Going after a small business owner whose lawyer is also a personal friend and taking his truck when you have no legal ability whatsoever to do so was undoubtedly a bad move in this case.

user-pic

@spanky: But would you go on national TV like that complaining how you can't find a job? :)

According to Wikipedia (grain of salt), Sonia, the actor/rep chick in this clip was, at one point, a licensed repo agent.

user-pic

Hey Ben Popken, the word Repossessed has 4 S's not 3. What's funny is that its spelled wrong two different ways- in the title, and in the article. But yeah this video made my day too, HAHA

user-pic

@Dominikanfrank: and about 900 times crappier since it was designed by Ford!

user-pic

I feel dumb just finding out this show is staged. After watching a few episodes and being disgusted by the way the repossessers, especially the bald guy, behave while taking the vehicle from the repossessees?, I stopped watching it all together. I'm happy to know this isn't happening in real time. While it's absolutely the responsibility of the person financing the vehicle make payments on time, I find the tactics they use a bit disturbing. Maybe it's just me.

user-pic

@fencepost: I would have pushed the DA to file grand theft charges on the repo idiots.

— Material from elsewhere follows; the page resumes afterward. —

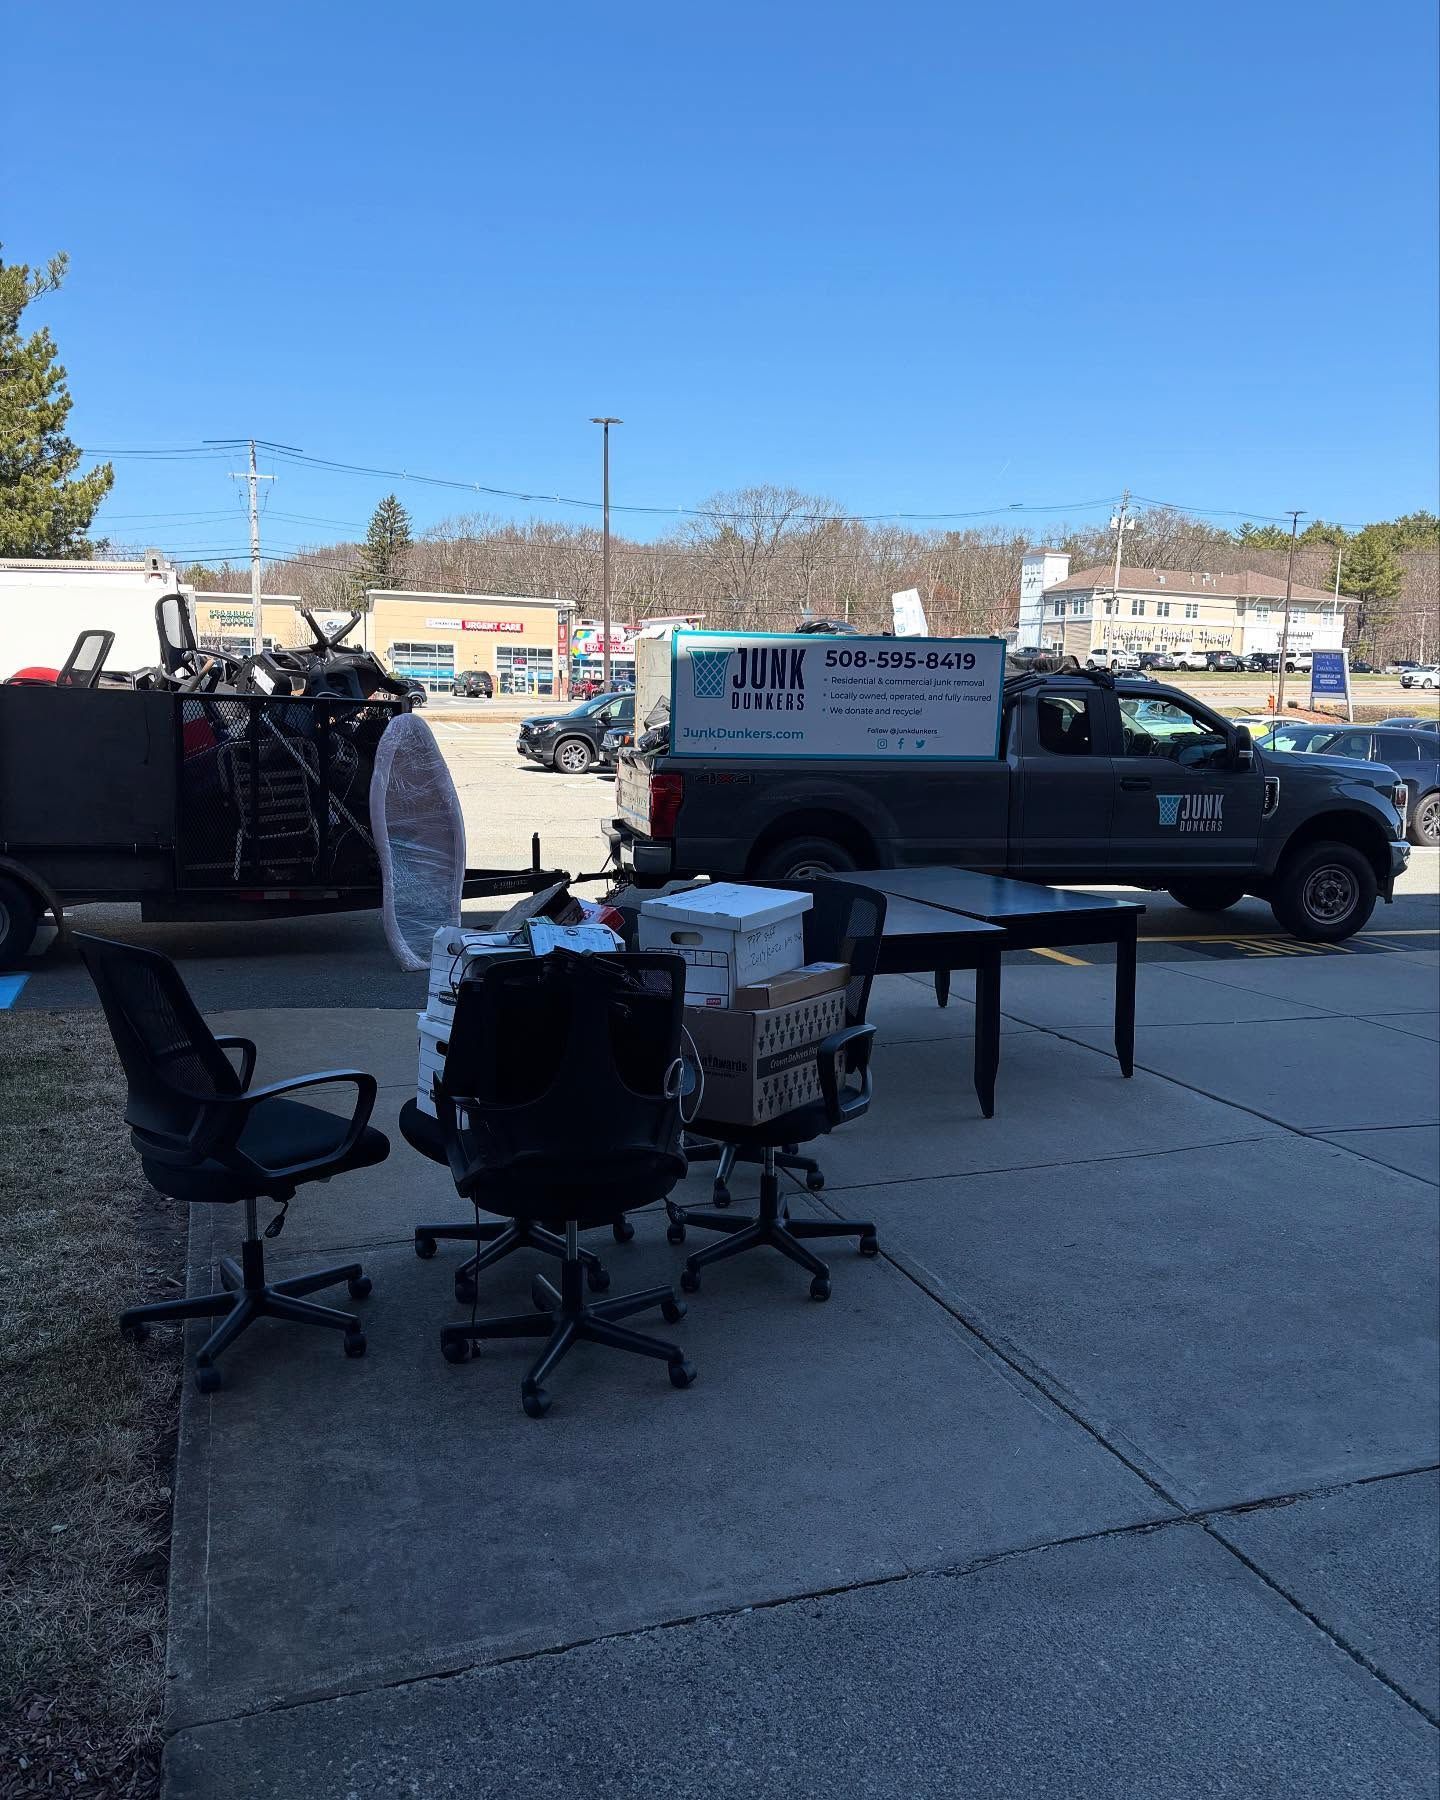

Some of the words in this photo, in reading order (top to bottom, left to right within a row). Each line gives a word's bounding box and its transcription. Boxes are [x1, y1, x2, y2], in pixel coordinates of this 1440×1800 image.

Never assume banks have a clue what they are doing. A bank we used for a vehicle loan insisted on keeping the physical title in their possession and giving us some pointless certificate instead of the title. They never mentioned this until after the loan was done and the car bought. So I took them the title when it arrived. I get a call a month later from another loan officer demanding I cough up the title or they were coming to get the vehicle even though we were current on payments.

I showed up at the bank. This dingbat pulled out our file and started reading me the riot act and telling me I was lying. Then I notice a color printed piece of paper poking out of our file. It was the title. I pointed this out to her and she didn't even apologize for all the hassle she caused.

user-pic

@TheUncleBob: Oh, hell yeah, I'd start a pirate TV station just so I could complain about it all day long.

I'd probably have a binder clip in my hair the whole time, too.

user-pic

@spanky:
Binder clip?

I LOVE it. I'd hire you.

user-pic

@undefined: @wildhare:

Its called synchronicity. The effect you describe is more easily explained by noting that a single instance of an event/thing, makes your consciousness more sensitive to it, so it picks it up again if it occurs within a short span amongst the multitude events/things that are noticed by your consciousness. You then attach meaning to the two unrelated events even though there probably isn't one.

Not saying there isn't something else going on, just that your example doesn't actually prove anything.

user-pic

@wildhare: Or call it the butterfly effect.

user-pic

@wildhare: someone read a little too much Cayce.

user-pic

@wildhare: I love that movie. Lol. Great to see a quote.

user-pic

@ash: BTW, most re-enactments they do in this show, are HIGHLY illegal, and in most states will get either your business license yanked, or you spending some time with real criminals.


You can't mace people. You can't engage in fist fights. I could go on and on with the stuff these re-enactments do is illegal, but it would take up the whole page

user-pic

@dorianh49: Silly, they mean food for DOUGH.